El síndrome del impostor es esa sensación constante de que no eres lo suficientemente bueno, incluso cuando tus resultados dicen lo contrario. Es muy común en estudiantes exigentes, responsables y con altas expectativas.
1. Qué es el síndrome del impostor
Es la creencia de que tus logros son producto de la suerte y no de tu esfuerzo o capacidad, junto al miedo constante de “ser descubierto”.
2. Por qué aparece en estudiantes
Presión académica y comparaciones constantes.
Altas expectativas propias o del entorno.
Perfeccionismo excesivo.
Falta de reconocimiento interno de los logros.
3. Señales comunes
Pensar que otros saben más que tú.
Minimizar tus logros.
Miedo intenso a equivocarte.
Sentir que no mereces oportunidades.
4. Cómo enfrentarlo
Reconoce tus avances, no solo tus errores.
Deja de compararte: cada proceso es distinto.
Acepta que equivocarse es parte del aprendizaje.
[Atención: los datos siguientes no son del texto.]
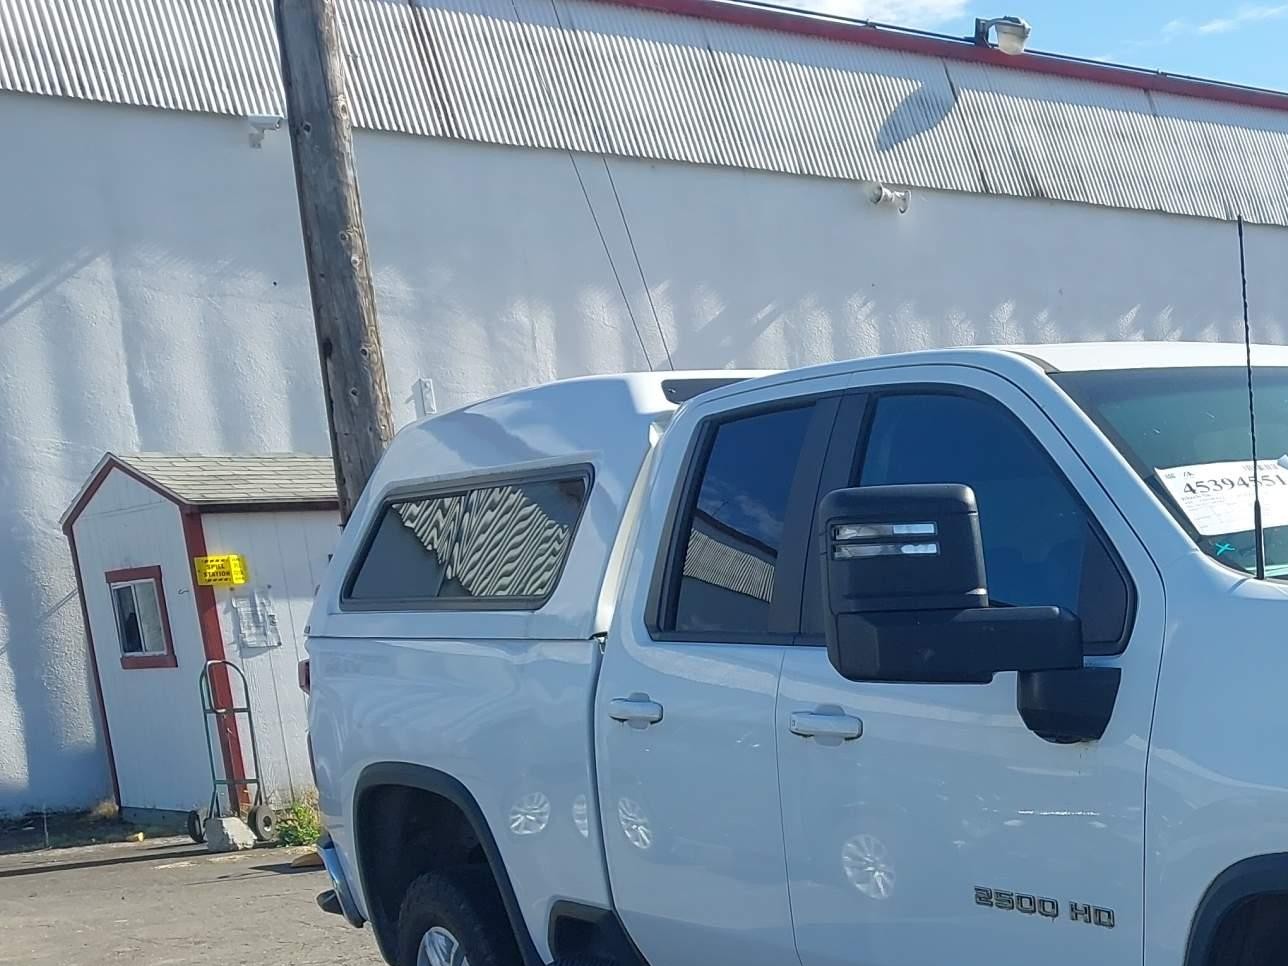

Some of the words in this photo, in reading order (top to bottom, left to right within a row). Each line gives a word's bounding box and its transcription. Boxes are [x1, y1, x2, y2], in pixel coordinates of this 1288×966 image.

[1183, 474, 1288, 495] 45394551
[974, 886, 1059, 918] 2500
[1069, 901, 1115, 928] HD
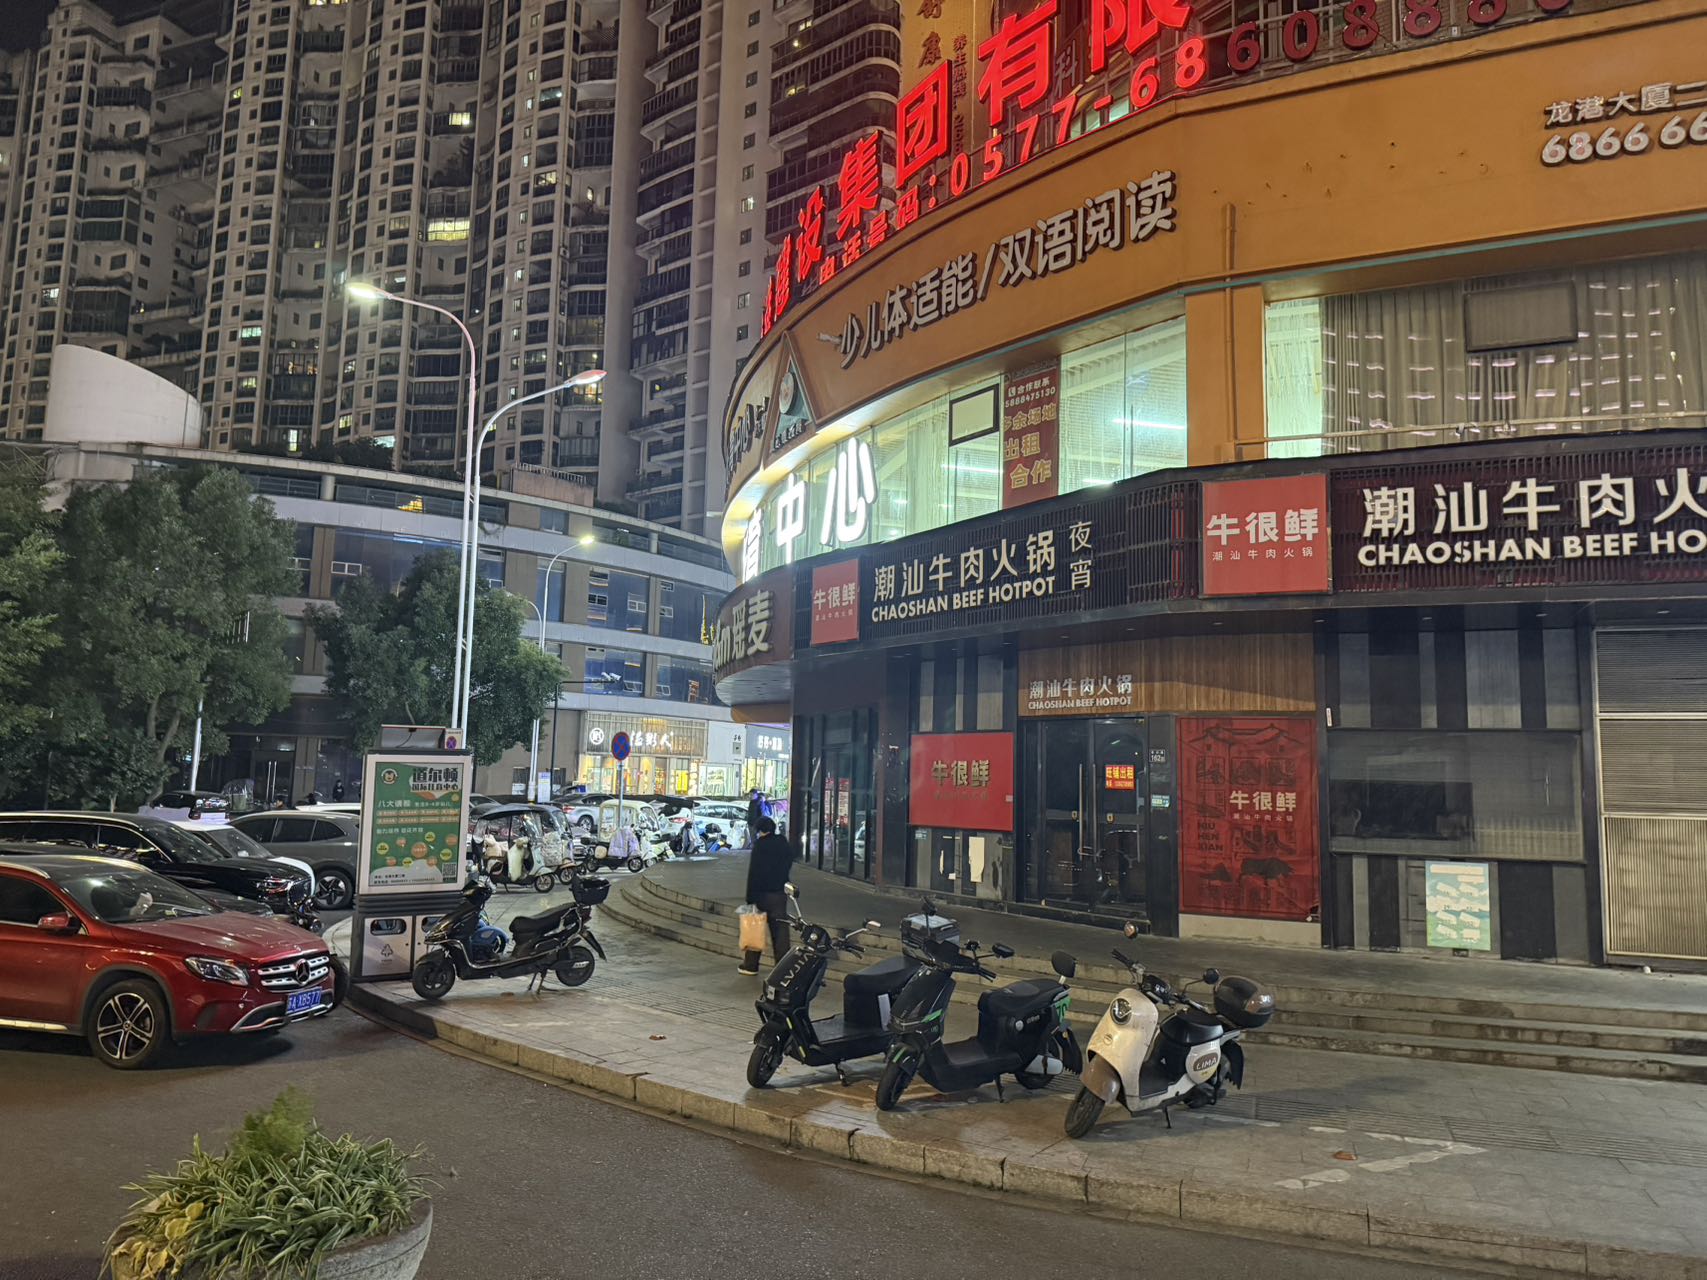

Habla de lo que sientes: no estás solo.
5. Reescribe tu diálogo interno
Cambia pensamientos como “no soy suficiente” por “estoy aprendiendo”. La forma en que te hablas influye directamente en tu rendimiento.
Conclusión:
Sentirte impostor no significa que lo seas. Significa que te importa hacerlo bien. Aprender a reconocer tu valor y tu esfuerzo es clave para avanzar con confianza en tu proceso académico.